▶ [Task goal] Copy every entry below verbatim, except for images.

[Data extracted from a collection]
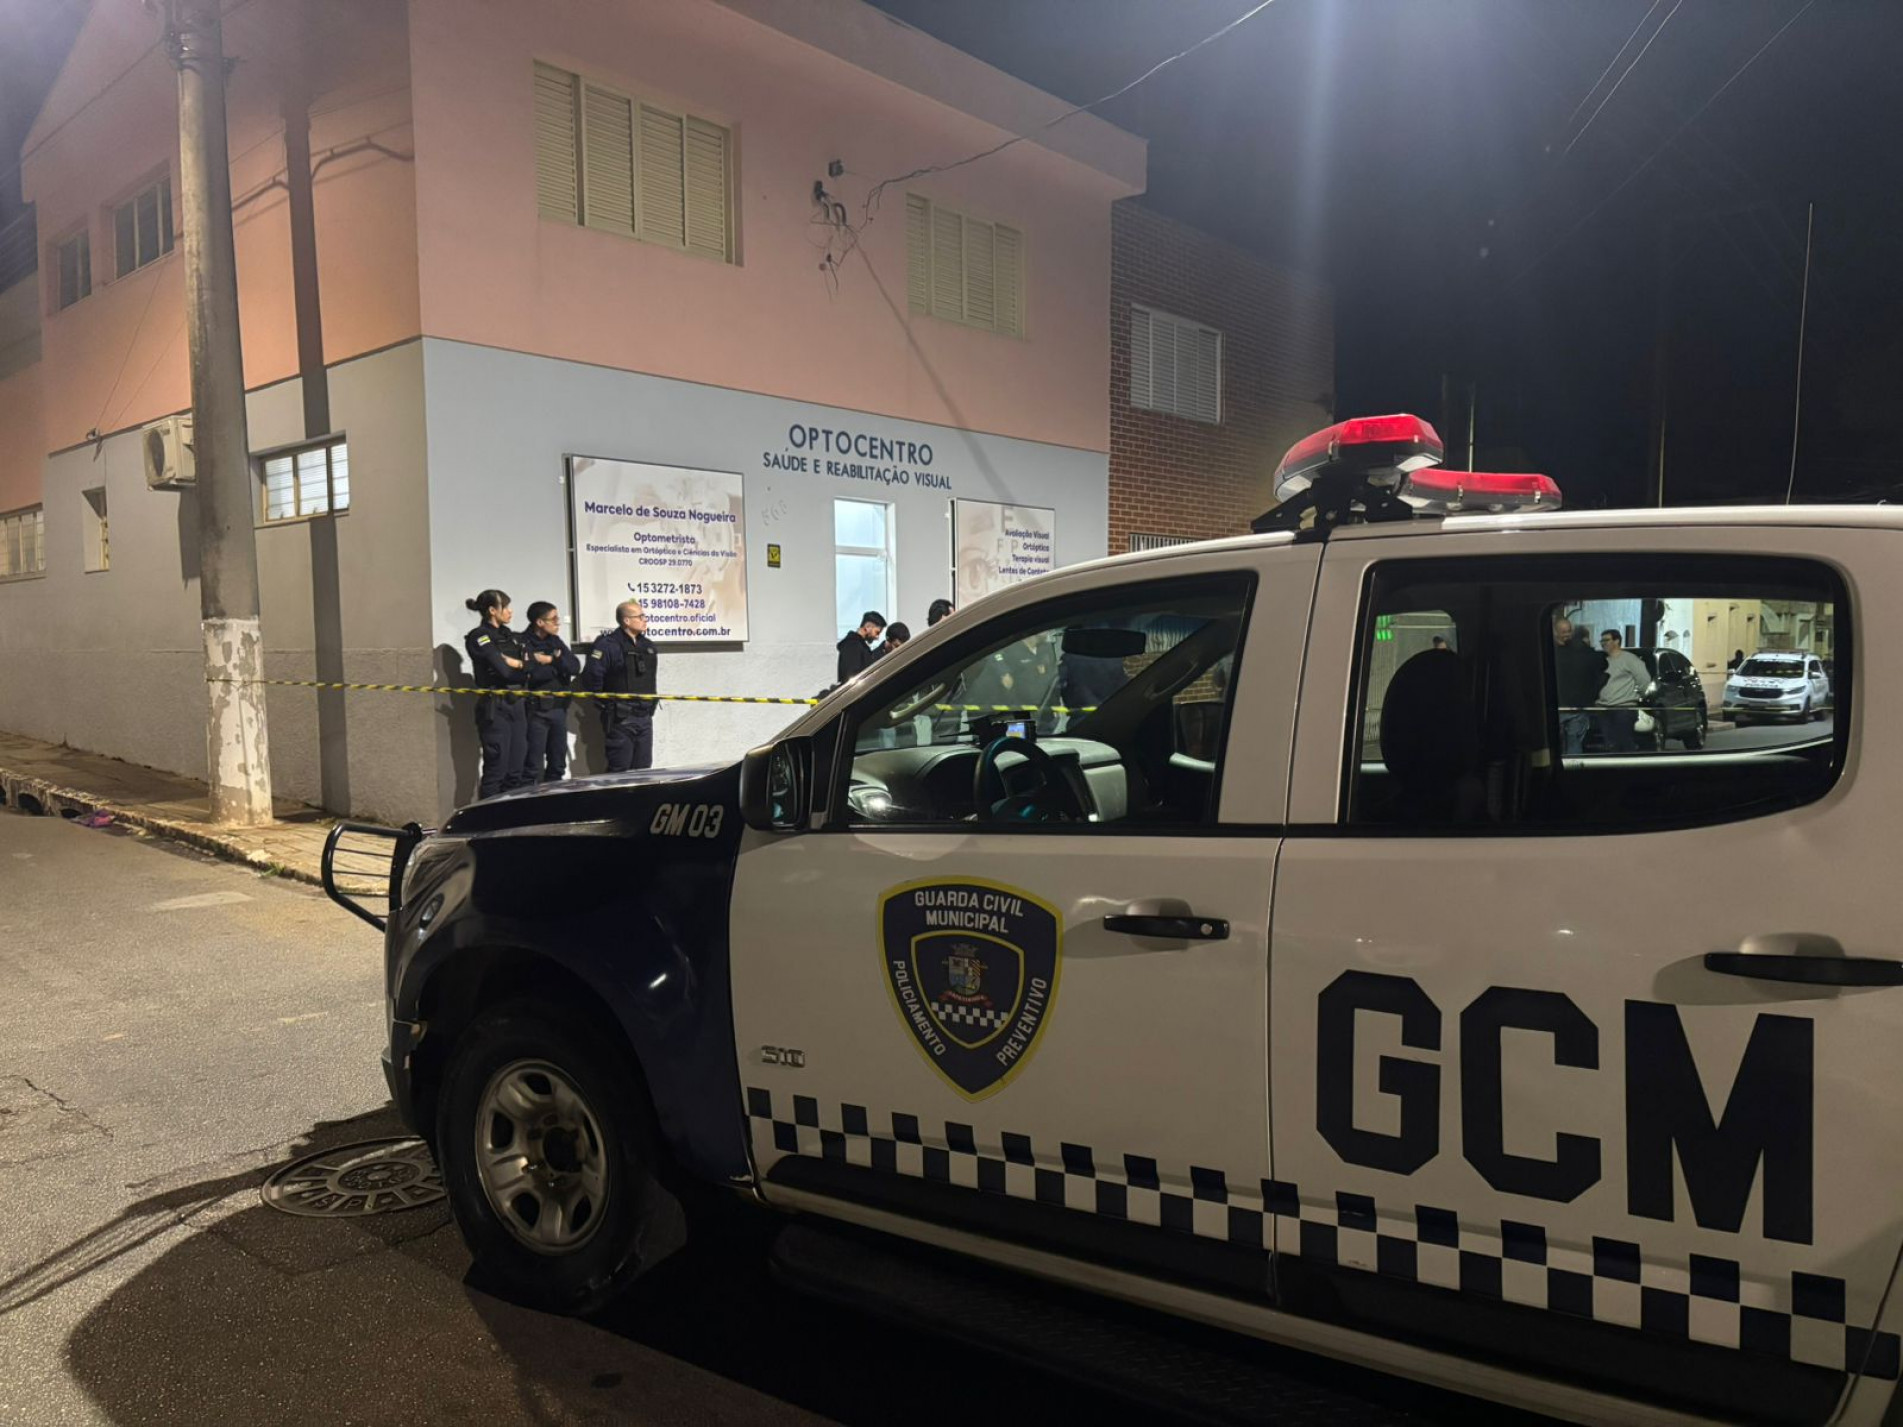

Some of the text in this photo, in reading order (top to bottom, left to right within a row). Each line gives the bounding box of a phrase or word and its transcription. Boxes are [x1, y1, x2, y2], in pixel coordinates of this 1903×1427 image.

[789, 424, 933, 466] OPTOCENTRO
[763, 447, 952, 490] SAÚDE E REABILITAÇÃO VISUAL
[584, 501, 736, 524] Marcelo de Souza Nogueira
[633, 532, 696, 544] Optometrista
[1033, 531, 1050, 540] Visual
[586, 543, 630, 554] Especialista
[631, 546, 642, 554] em
[683, 547, 710, 557] Ciências
[998, 566, 1018, 574] Lentes
[1019, 566, 1026, 574] de
[637, 582, 703, 594] 15 3272-1873
[639, 599, 706, 609] 15 98108-7428
[649, 803, 724, 838] GM 03
[915, 890, 1024, 917] GUARDA CIVIL
[925, 910, 1009, 934] MUNICIPAL
[893, 960, 947, 1056] POLICIAMENTO
[995, 977, 1048, 1067] PREVENTIVO
[1316, 969, 1814, 1245] GCM

▶ [Answer to the exercise]
Some of the text in this photo, in reading order (top to bottom, left to right within a row). Each line gives the bounding box of a phrase or word and its transcription. Boxes are [x1, y1, x2, y2], in pixel coordinates of this 1903×1427 image.

[789, 424, 933, 466] OPTOCENTRO
[763, 447, 952, 490] SAÚDE E REABILITAÇÃO VISUAL
[584, 501, 736, 524] Marcelo de Souza Nogueira
[633, 532, 696, 544] Optometrista
[1033, 531, 1050, 540] Visual
[586, 543, 630, 554] Especialista
[631, 546, 642, 554] em
[683, 547, 710, 557] Ciências
[998, 566, 1018, 574] Lentes
[1019, 566, 1026, 574] de
[637, 582, 703, 594] 15 3272-1873
[639, 599, 706, 609] 15 98108-7428
[649, 803, 724, 838] GM 03
[915, 890, 1024, 917] GUARDA CIVIL
[925, 910, 1009, 934] MUNICIPAL
[893, 960, 947, 1056] POLICIAMENTO
[995, 977, 1048, 1067] PREVENTIVO
[1316, 969, 1814, 1245] GCM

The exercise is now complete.